Example of Implementation: If a bank is collecting information to open an account for a potential customer, they must collect only that information which is absolutely necessary for the purpose of opening the account, after they have taken the consent of the individual.
Principle 4: Purpose Limitation
Personal data collected and processed by data controllers should be adequate and relevant to the purposes for which they are processed. A data controller shall collect, process, disclose, make available, or otherwise use personal information only for the purposes as stated in the notice after taking consent of individuals. If there is a change of purpose, this must be notified to the individual. After personal information has been used in accordance with the identified purpose it should be destroyed as per the identified procedures. Data retention mandates by the government should be in compliance with the National Privacy Principles.
Example of Implementation: If a bank is collecting information from a customer for opening a bank account, the bank can only use that information for the purpose of opening the account and any other reasons consented to. After a bank has used the information to open an account, it must be destroyed. If the information is retained by the bank, it must be done so with consent, for a specific purpose, with the ability of the individual to access and correct the stored information, and in a secure fashion.
Principle 5: Access and Correction
Individuals shall have access to personal information about them held by a data controller; shall be able to seek correction, amendments, or deletion such information where it is inaccurate; be able to confirm that a data controller holds or is processing information about them; be able to obtain from the data controller a copy of the personal data. Access and correction to personal information may not be given by the data controller if it is not, despite best efforts, possible to do so without affecting the privacy rights of another person, unless that person has explicitly consented to disclosure.
Example of Implementation: An individual who has opened a bank account, has the right to access the information that was initially provided and subsequently generated. If there is a mistake, the individual has the right to correct the mistake. If the individual requests information related to him that is stored on a family member from the bank, the bank cannot disclose this information without explicit consent from the family member as it would impact the privacy of another.
Principle 6: Disclosure of Information
A data controller shall only disclose personal information to third parties after providing notice and seeking informed consent from the individual for such disclosure. Third parties are bound to adhere to relevant and applicable privacy principles. Disclosure for law enforcement purposes must be in accordance with the laws in force. Data controllers shall not publish or in any other way make public personal information, including personal sensitive information.
Example of Implementation: If a website, like a social media site, collects information about how a consumer uses its website, this information cannot be sold or shared with other websites or partners, unless notice of such sharing has been given to the individual and consent has been taken from the individual. If websites provide information to law enforcement, this must be done in accordance with laws in force, and cannot be done through informal means. The social media site would be prohibited from publishing, sharing, or making public the personal information in any way without obtaining informed consent.
Principle 7: Security
A data controller shall secure personal information that they have either collected or have in their custody, by reasonable security safeguards against loss, unauthorised access, destruction, use, processing, storage, modification, deanonymization, unauthorized disclosure [either accidental or incidental] or other reasonably foreseeable risks.

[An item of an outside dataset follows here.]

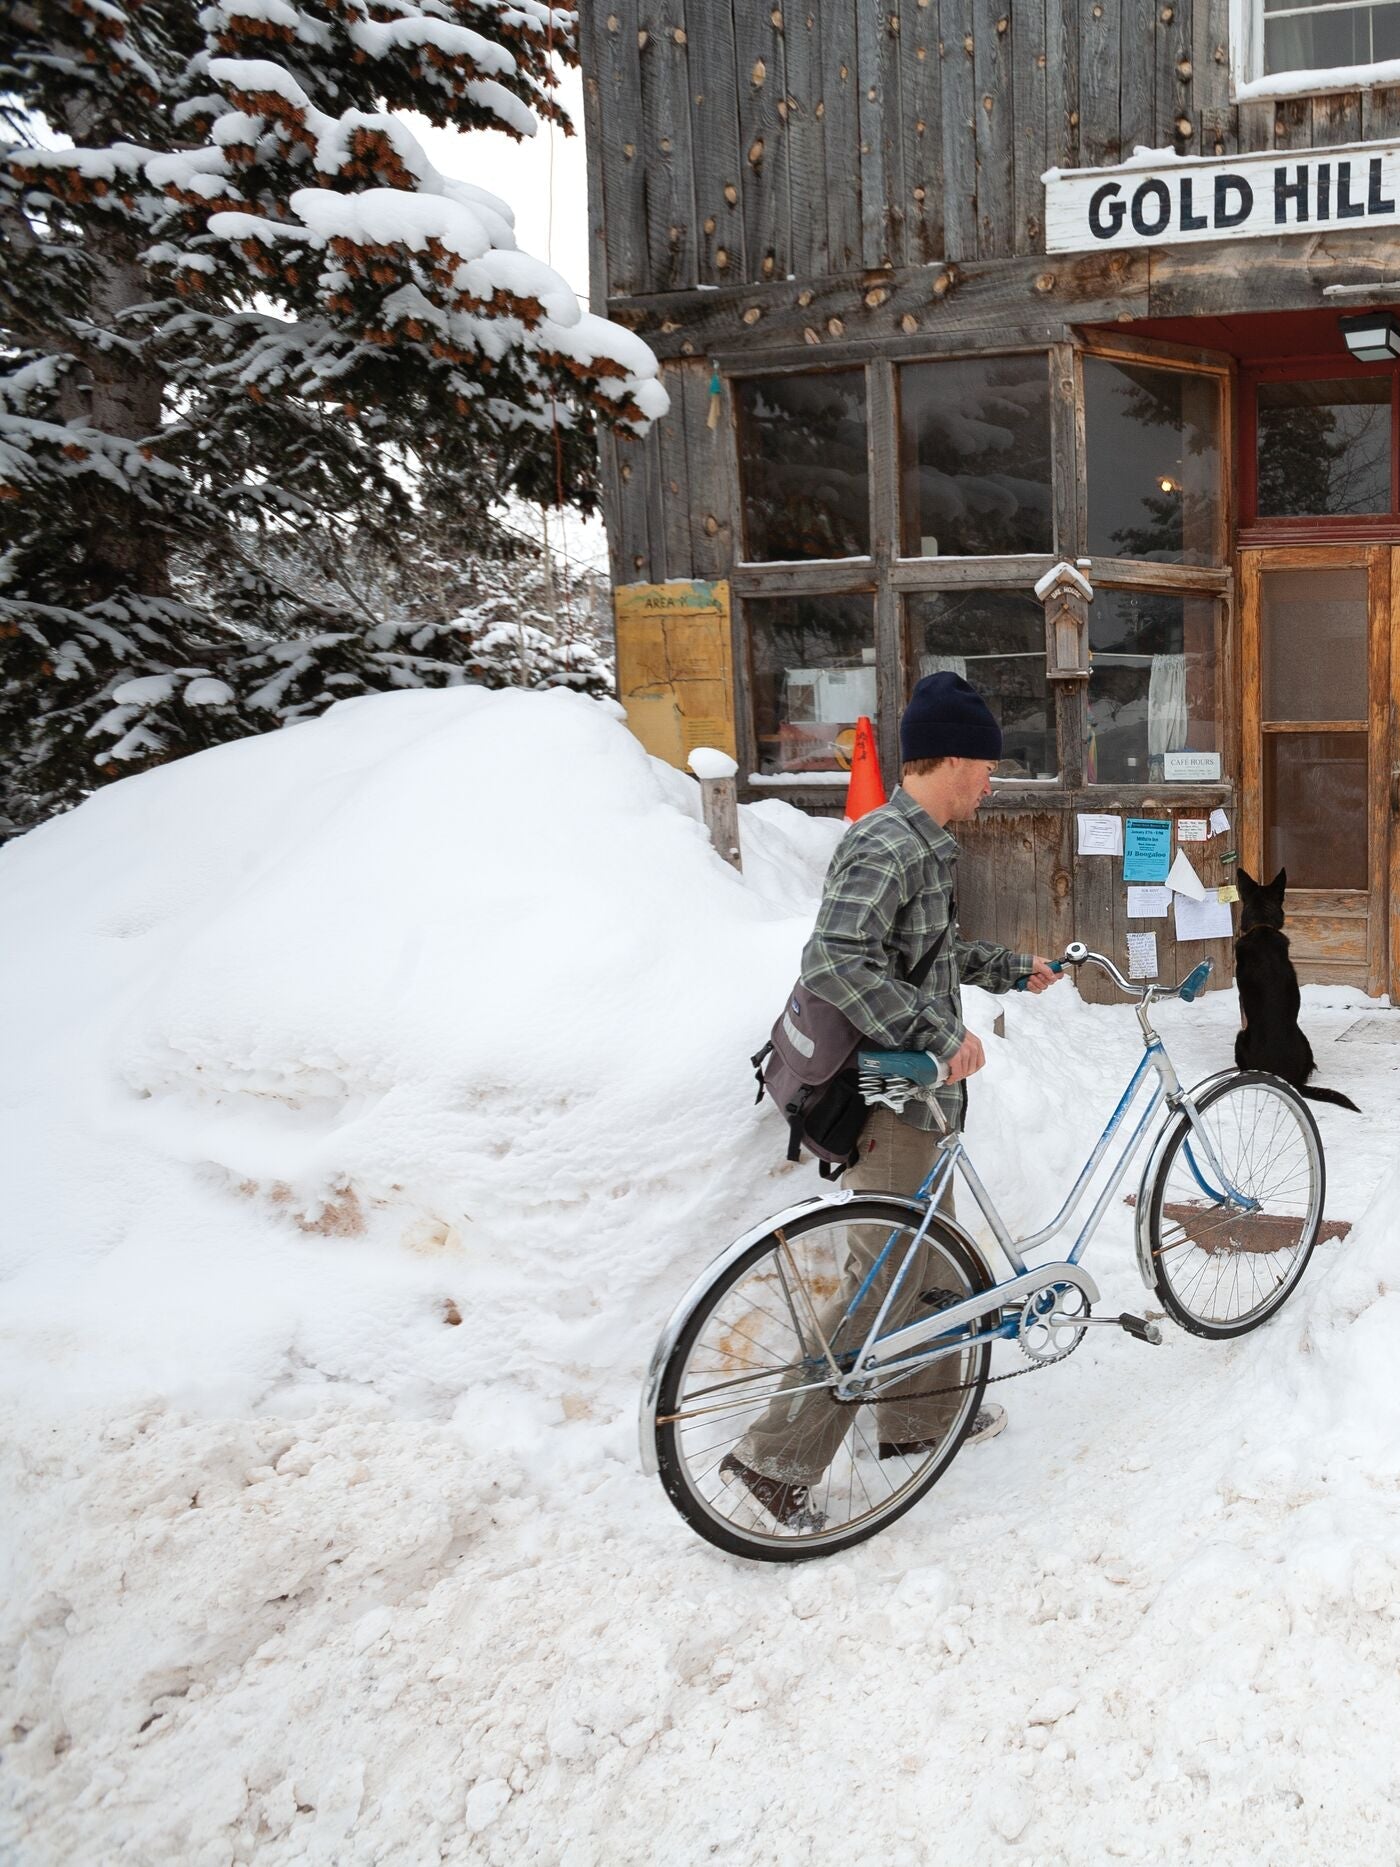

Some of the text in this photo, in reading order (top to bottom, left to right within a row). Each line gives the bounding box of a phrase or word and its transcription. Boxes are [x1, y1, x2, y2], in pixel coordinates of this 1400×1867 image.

[1088, 173, 1254, 240] GOLD
[1273, 157, 1396, 225] HILL
[644, 597, 676, 609] AREA

Example of Implementation: If a company is a telecommunication company, it must have security measures in place to protect customers communications data from loss, unauthorized access, destruction, use, processing, storage, modification, denanonmyization, unauthorized disclosure, or other forseeable risk. This could include encrypting communications data, having in place strong access controls, and establishing clear chain of custody for the handling and processing communications data.
Principle 8: Openness
A data controller shall take all necessary steps to implement practices, procedures, policies and systems in a manner proportional to the scale, scope, and sensitivity to the data they collect, in order to ensure compliance with the privacy principles, information regarding which shall be made in an intelligible form, using clear and plain language, available to all individuals.
Example of Implementation: If a hospital is collecting and processing personal information of, for example, 1,000 patients, their policies and practices must reflect and be applicable to the amount, sensitivity, and nature of information that they are collecting. The policies about the same must be made available to all individuals – this includes individuals of different intelligence, skill, and developmental levels.

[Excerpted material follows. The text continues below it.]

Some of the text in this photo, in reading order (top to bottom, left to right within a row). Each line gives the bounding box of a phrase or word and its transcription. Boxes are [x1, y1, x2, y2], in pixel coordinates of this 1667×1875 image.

Principle 9: Accountability
The data controller shall be accountable for complying with measures which give effect to the privacy principles. Such measures should include mechanisms to implement privacy policies; including tools, training, and education; external and internal audits, and requiring organizations or overseeing bodies extend all necessary support to the Privacy Commissioner and comply with the specific and general orders of the Privacy Commissioner.
Example of Implementation: To ensure that a hospital is in compliance with the national privacy principles, it must undertake activities like running trainings and providing educational information to employees on how to handle patient related information, conducting audits, and establishing an officer or body for overseeing the implementation of privacy.

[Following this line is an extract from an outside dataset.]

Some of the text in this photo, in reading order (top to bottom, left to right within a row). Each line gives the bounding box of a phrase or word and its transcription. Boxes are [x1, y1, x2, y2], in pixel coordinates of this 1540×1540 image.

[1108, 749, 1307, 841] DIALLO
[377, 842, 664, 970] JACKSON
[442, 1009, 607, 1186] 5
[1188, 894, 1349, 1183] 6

Public Discourses on Privacy
In India, there have been a number of important discourses related to privacy around various projects and topics. These discourses have been driving public awareness about privacy in India, and represent an important indication of public perception of privacy and privacy concerns.
The Unique Identification Project
One of these discourses is a public dialogue and debate on the Unique Identification Project. Since 2009 the Government of India has been rolling out an identity scheme known as UID or Aadhaar. The scheme is applicable to all residents in India, and seeks to provide individuals with an identity based on their fingerprints, iris scans, and photograph. The project has been heavily supported by some, and at the same time, heavily critiqued by others. Of those critiquing the project, which included a Parliamentary Standing Committee on Finance,[27] privacy has been a driving force behind the concerns about the project. Arguing that not only does the UID Bill not have sufficient privacy safeguards in its provisions[28] but the design of the project and the technology of the project places individual privacy at risk. For example, the project relies on centralized storage of biometrics collected under the scheme; it does not account for or address how transaction data that is generated each time an individual identifies himself/herself with the UID will be stored, processed, and shared; and does not provide adequate security measures to protect sensitive information like biometrics.
The Human DNA Profiling Bill
In 2006 the Department of Biotechnology piloted a draft human DNA Profiling Bill with the objective of creating DNA databases at the national and regional levels, and enabling the creation and storage of DNA profiles for forensic purposes. Since 2006 there have been two more drafts of the bill released to the public, and an expert committee has been created to finalize the text of the bill. Individuals, including the Centre for Internet and Society, publicly raising concern about the bill, cite a lack of privacy safeguards in the provisions, and expansive circumstances and reasons that the bill permits the creation and storage of DNA profiles.[29]
Surveillance
For many years there has been running public discourse about the surveillance that the Indian government has been undertaking. This discourse is growing and is now being linked to privacy and the need for India to enact a privacy legislation. As discussed above, the current surveillance regime is lacking on many fronts, while at the same time the government continues to seek greater interception powers and more access to larger sets of information in more granularity. Projects like the Central Monitoring System, NATGRID, and Lawful Interception Solutions have caused individuals to question the government on the proportionality of State surveillance and ask for a comprehensive privacy legislation that also regulates surveillance.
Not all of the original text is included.